Necesito diez páginas para registrar este mundo (las empleadas de limpieza, el motor en movimiento que no se detiene nunca, la noche en donde todo se apacigua o transmuta el ritmo y la atmósfera), ese bullicio permanente y las miles de caras que son la delicia para un fisonomista psicótico. Pero no las tengo, y algo del afuera también tengo que decir: de ese mundo enrevesado, caótico, lleno de símbolos que ya todos conocemos pero no sé en qué medida los hemos puesto a dialogar (quizá, en verdad, no dialoguen en lo más mínimo y sólo sean parte de la esquizofrenia sígnica de cualquier ciudad). El cuestionado monumento papal y aquel veredicto casi mortal o doloroso que Tabaré Vázquez le dio a un espacio público laico con la instalación de ese gran símbolo católico, una iglesia en una de sus esquinas, los hippies a toda hora con telas en el piso, los mendigos en la placita de los hippies, y la plaza de la bandera, a la que al menos en los últimos años le pusieron otros bancos y más pasto, como haciéndola menos milica, una casa de artículos chinos, edificios que se erigen como si estuviésemos en la España de 2003 (el boom español de la construcción que hipotecó la vida de un pueblo), hoteles de medio pelo y de nuevos ricos, ruido, explosión de colores e imágenes; todo un universo inaprehensible que sólo filmado minuciosamente podría ser representado.

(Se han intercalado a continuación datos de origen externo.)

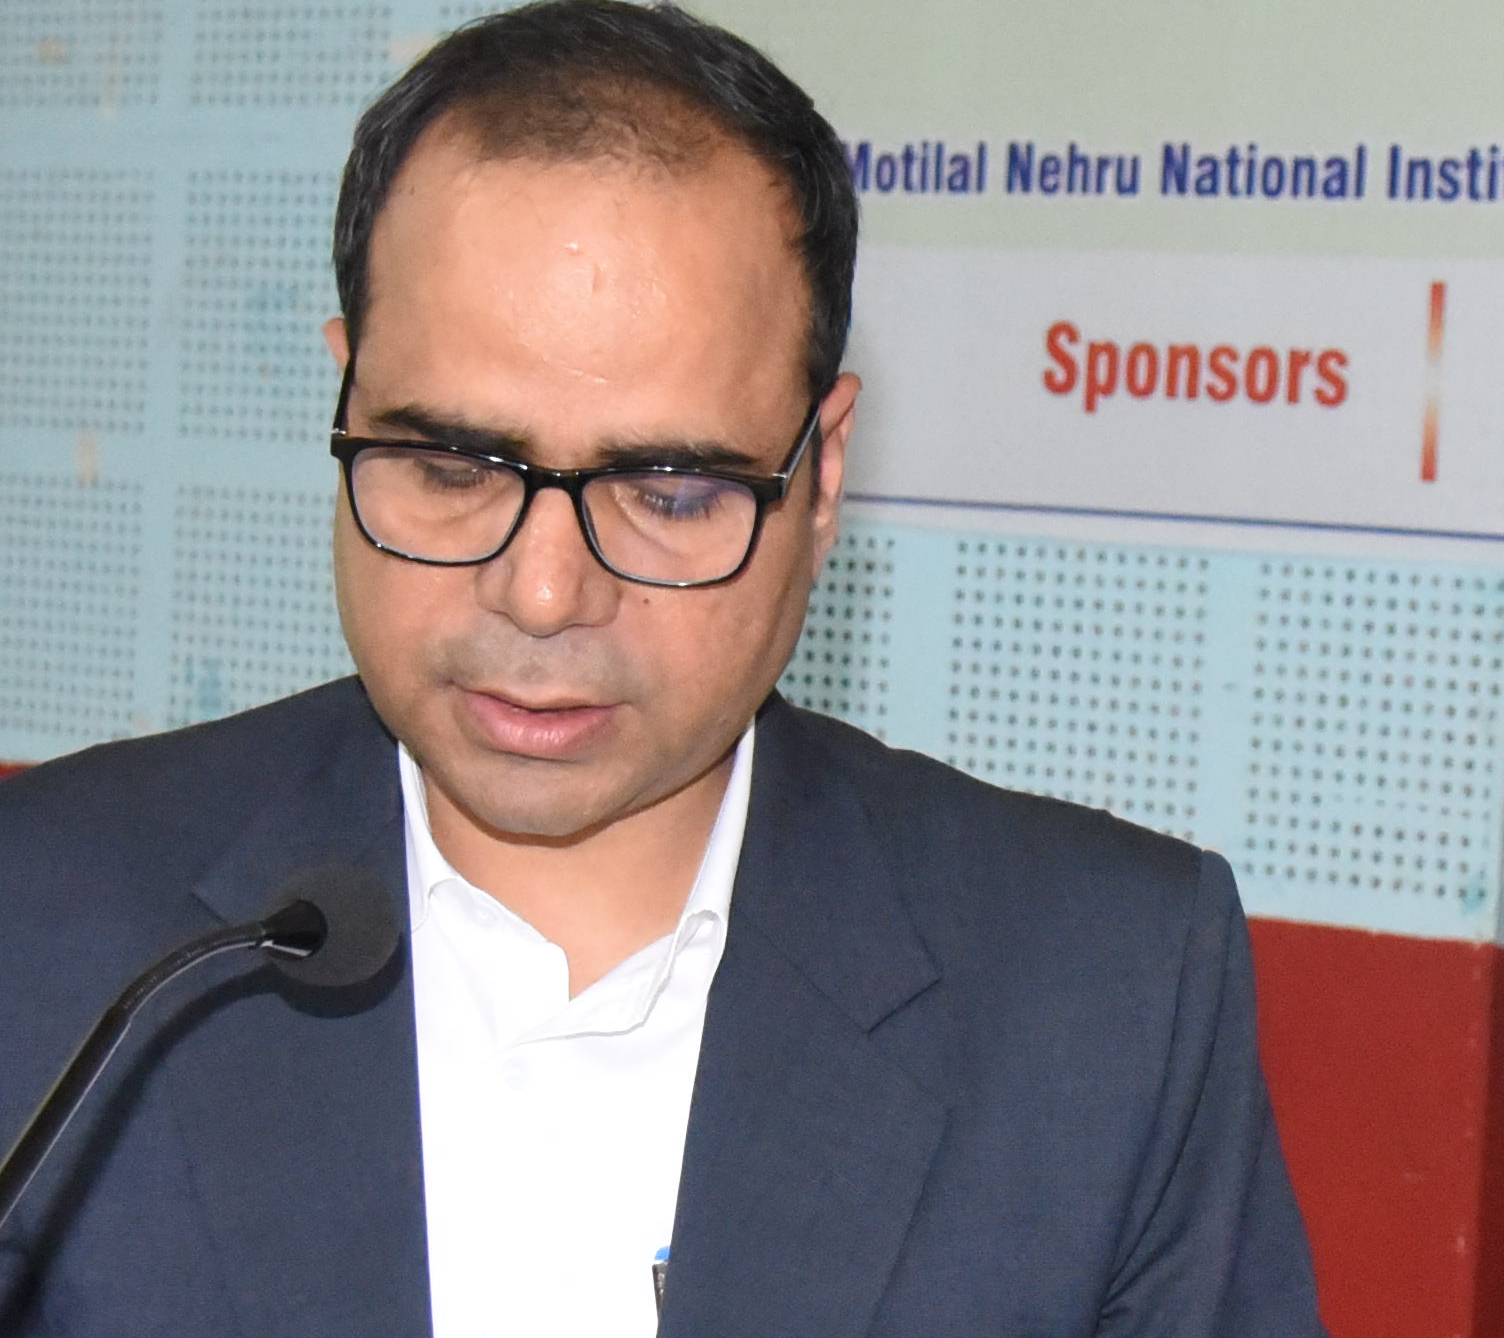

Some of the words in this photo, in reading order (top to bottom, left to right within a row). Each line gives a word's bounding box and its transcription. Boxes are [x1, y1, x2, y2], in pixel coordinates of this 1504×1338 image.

Pero no todo es tan chirriante ni luminoso alrededor de Tres Cruces: todos hemos visto esos dos cines porno que están a sus costados, abiertos las 24 horas. Esas coincidencias: al lado de Tres Cruces, dos cines XXX. Ahí pasan otras cosas: tránsitos, canarios, películas, miserias, olores, placeres, transas. Ahí siempre es de noche y quizá sea el último lugar que habitó (le estoy incorporando un giro al guion) el personaje pajero de la película La Perrera (2006), de Manolo Nieto, antes de verse solo, sin saber si quedarse en Montevideo o volver a Rocha, sentado en un banco amarillo o rojo en la sala de espera, abrazado a su mochila o a su orfandad, al destino de ser el único muchacho en el mundo en medio de tanto tránsito, de tanta gente.